Wednesday July 30 — At 6:00 a.m. with Bob Huntley driving the Penske truck and John Jacobsen driving the pickup truck along with two cars, we lumbered out the Obsidian drive. Others in the caravan were Pat Adams, Ethel Weltman, Don and Leif Burton. We picked up Chris Minarich at an I-5 Rest Stop. It was a long drive but all of us kept in touch with our two way radios. Leif and I listened to six of twelve Harry Potter tapes. Around 5:00, we arrived at the Coverdale Campground, greeting Wendy, Don, Lana Lindstrom, Richard Hughes, Melody and Jim Clarkson, Ivan Vanderberg, Gloria Gunderson, Ardemis & Kieran Walsh. While all of the new arrivals put up their tents, Richard and Lana quickly set up the beverage table and stove making it easier for Gloria and me to serve a spinach salad and soup.

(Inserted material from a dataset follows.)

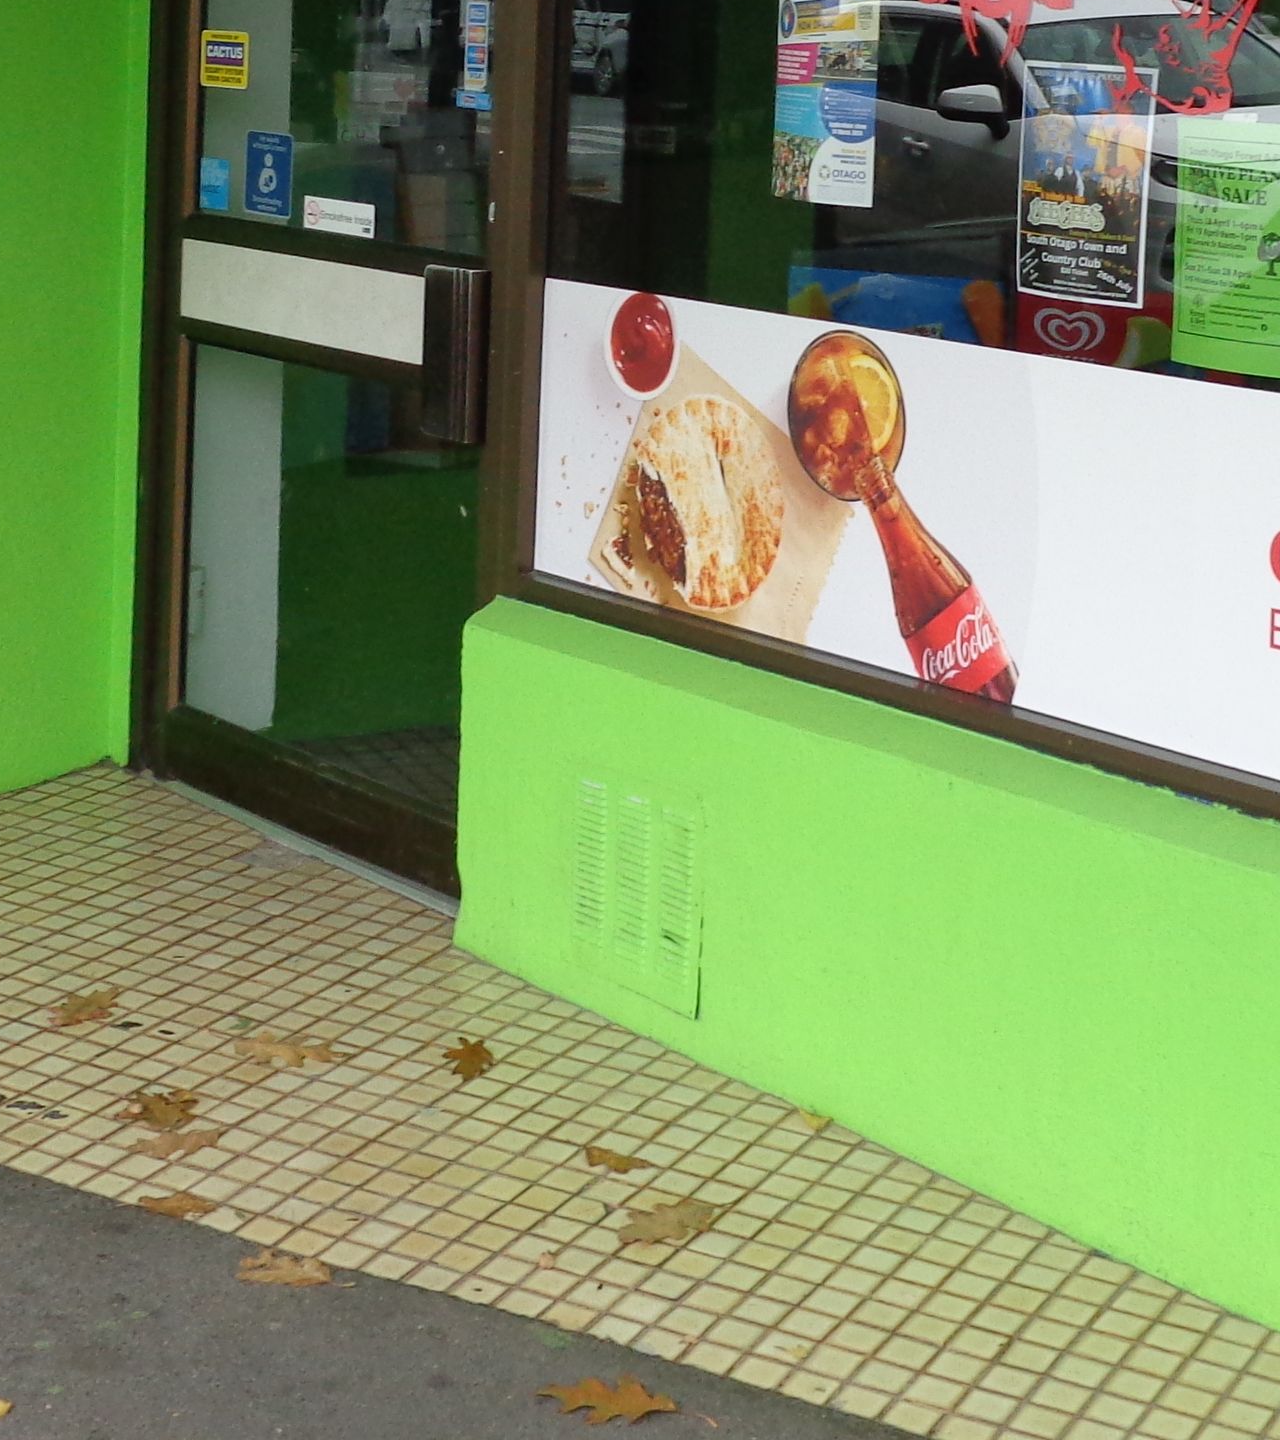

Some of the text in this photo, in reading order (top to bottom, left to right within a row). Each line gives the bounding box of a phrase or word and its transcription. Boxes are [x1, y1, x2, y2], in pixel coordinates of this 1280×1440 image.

Thursday, July 31 — Since the temperature would be in the 90s by afternoon, the crew was up around 6:00 to begin unloading the truck, assembling the tables, tarps, showers, and setting up the kitchen. It was amazing to watch camp go up piece by piece. They even figured out how to pump the non-potable water up to the dishwashing volcano. Don and Wendy drove the pick up truck into town to fill the water bladder. By the end of the day, everyone was ready for a hot shower and dinner. It was apparent that dust was going to be a problem. It was going to be difficult to keep the table coverings clean. I do believe that this camp was one of the dustiest! Our clothes were dirty and our socks were no longer white.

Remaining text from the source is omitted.